Quantitative study of tissue collagen metabolism

Abstract

A procedure for the quantification of various parameters of metabolism of collagen in fibrotic mouse liver has been developed. The method involves derivatization of hydroxyproline, a marker of collagen, with dansyl chloride, high-performance liquid chromatography of the derivative on an octadecyl C-18 column, and its detection by fluorescence. This assay improves upon existing procedures in several respects: (1) It extends the analysis so that not only the collagen content of the tissue but also the metabolism of collagen is determined at levels found intracellularly. (2) It is sensitive enough to quantify 0.1–10 nmol of hydroxyproline, and it includes three major amino acids (hydroxyproline, glycine, and proline) of collagen and two assay controls; it generates information on both the purity and quantity of collagen in each assay. (3) The determination of specific activity of intracellular free [ 14C]proline, which is the precursor of protein-bound hydroxyproline, defines the specific activity of [ 14C]hydroxyproline of collagen converted from precursor residues of [ 14C]proline by the action of prolyl hydroxylase.
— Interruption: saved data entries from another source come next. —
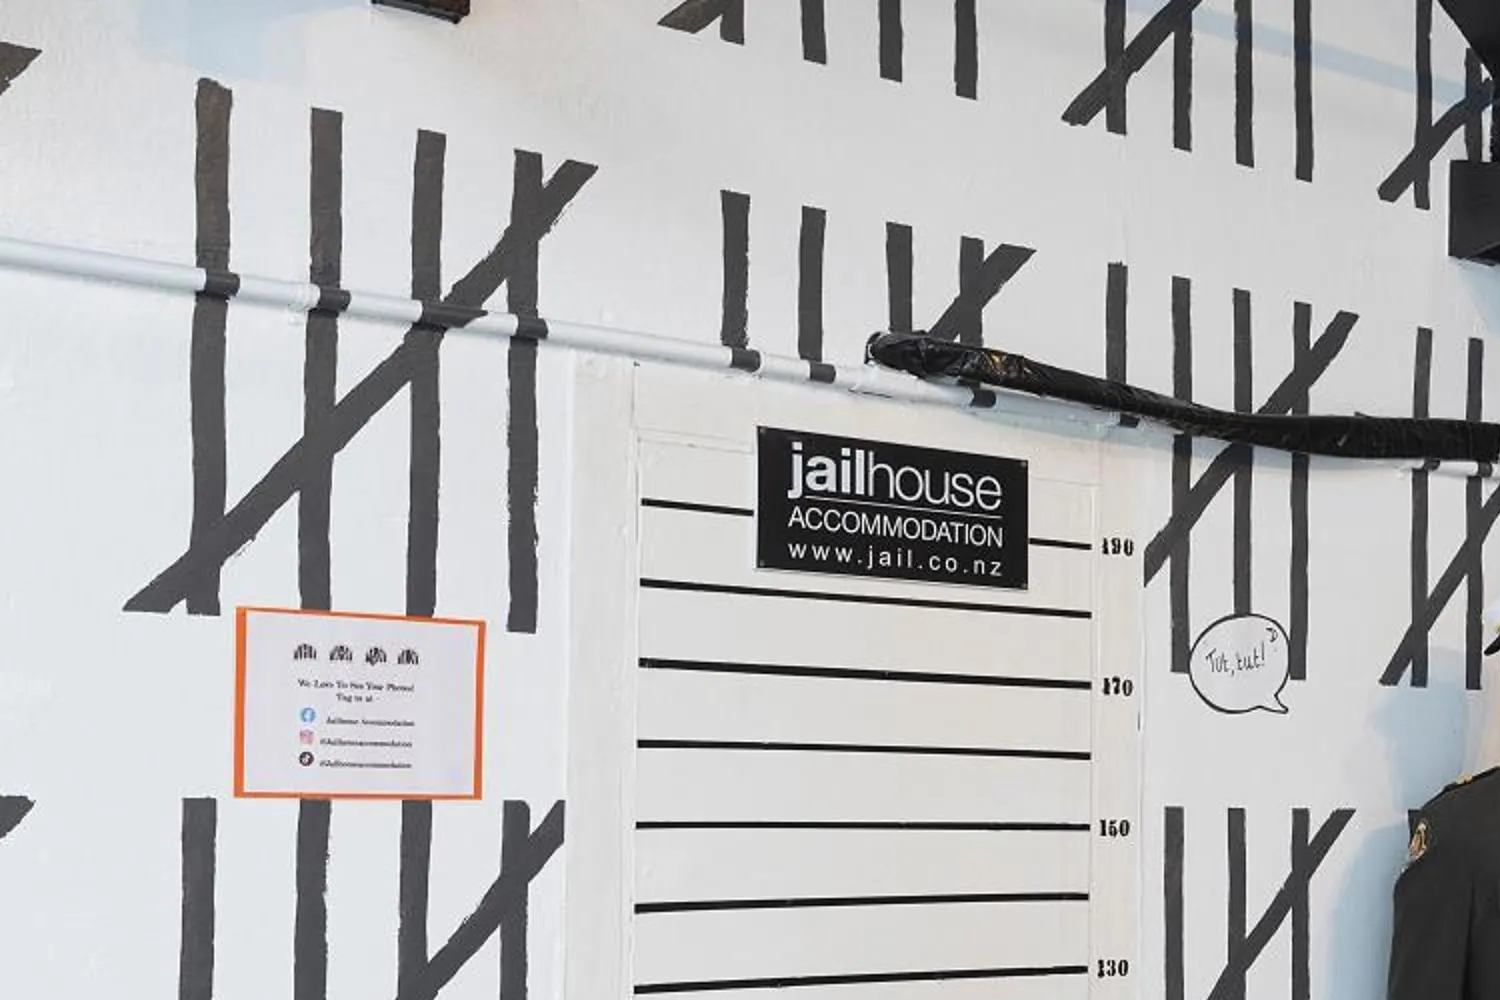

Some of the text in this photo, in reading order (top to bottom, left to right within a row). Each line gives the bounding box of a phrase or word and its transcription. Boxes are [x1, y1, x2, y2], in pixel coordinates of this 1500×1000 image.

[787, 441, 1002, 511] jailhouse
[788, 506, 1003, 548] ACCOMMODATION
[1101, 537, 1134, 556] 190
[788, 543, 1003, 577] www.jail.co.nz
[1102, 677, 1133, 697] 170
[1099, 819, 1130, 838] 150
[1097, 959, 1129, 978] 130
The specific activity of [ 14C]hydroxyproline can be used for the evaluation of collagen synthesis and secretion and intracellular and extracellular degradation of the newly synthesized and secreted collagen in the tissue. (4) The determination of specific activities of [ 14C]hydroxyproline and [ 14C]proline and of the ratio of [ 14C]hydroxyproline to [ 14C]proline of newly secreted collagen provides information concerning the extent of hydroxylation of [ 14C]proline residues of newly synthesized collagen.